Base opérationnelle à Port-Salut
Un premier groupe d’experts du Corps suisse d’aide humanitaire a quitté la Suisse pour Haïti vendredi 7 octobre après la réouverture de l’aéroport de Port-au-Prince. Le groupe comprend des spécialistes en abris d’urgence, en eau et assainissement, en logistique, en sécurité et en télécommunication. L’équipe d’intervention rapide installe sa base opérationnelle à Port-Salut, une ville durement touchée par l’ouragan, située sur la côte sud-ouest du pays. Un expert en logistique est stationné à en République dominicaine voisine pour y acheter du matériel d’urgence indisponible dans les régions dévastées.
Haïti étant un pays prioritaire de la DDC en matière de coopération au développement, les opérations d’urgence peuvent compter sur l’implication de plusieurs collaborateurs réguliers du bureau de coopération sur place.
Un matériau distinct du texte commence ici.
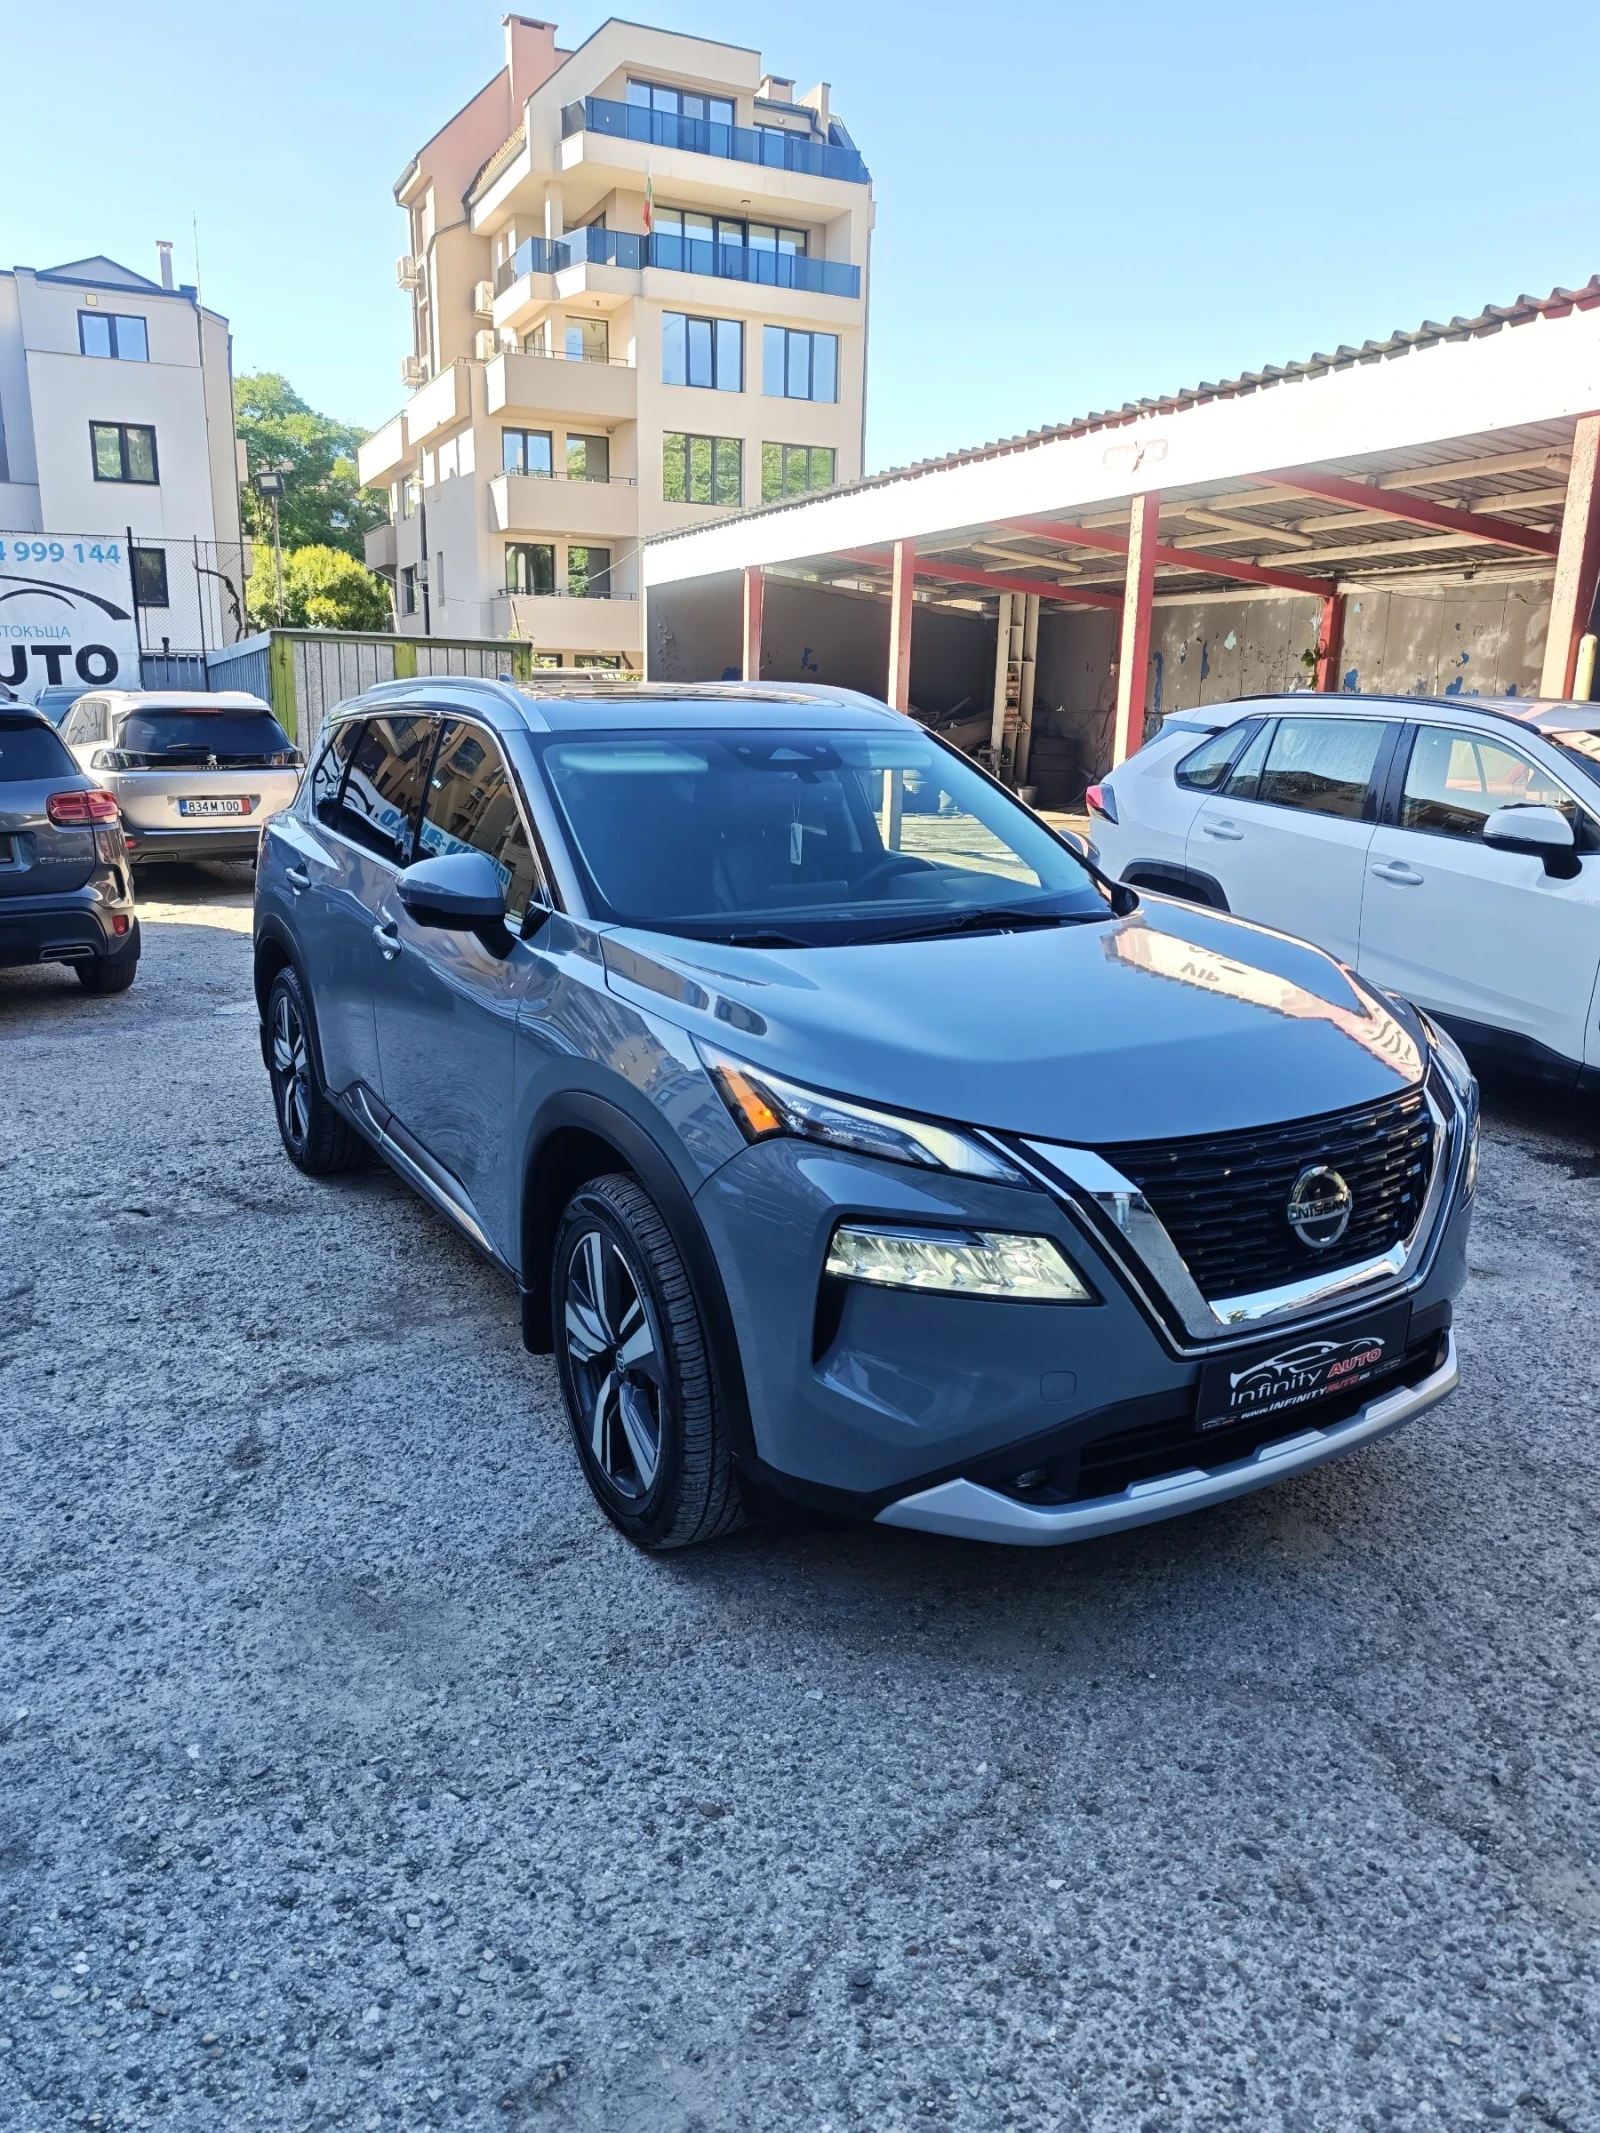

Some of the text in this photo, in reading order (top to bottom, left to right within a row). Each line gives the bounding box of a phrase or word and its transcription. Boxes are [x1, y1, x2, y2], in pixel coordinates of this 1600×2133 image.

[14, 541, 65, 562] 999
[73, 543, 121, 564] 144
[0, 625, 71, 640] ТОКЪЩА
[221, 801, 239, 811] 100
[1299, 1201, 1347, 1218] NISSAN
[1230, 1369, 1322, 1406] Infinity
[1327, 1348, 1382, 1378] AUTO
Des collègues de l’Ambassade de Suisse en Haïti sont également mobilisés. La coordination des secours avec les autorités haïtiennes est assurée par la représentation suisse.
Accès à l’eau potable et abris d’urgence
Les experts de l’Aide humanitaire de la DDC se fixent deux priorités: la distribution d’eau potable, qui contribue aussi à la lutte contre la propagation du choléra, et la mise à l’abri des populations affectées.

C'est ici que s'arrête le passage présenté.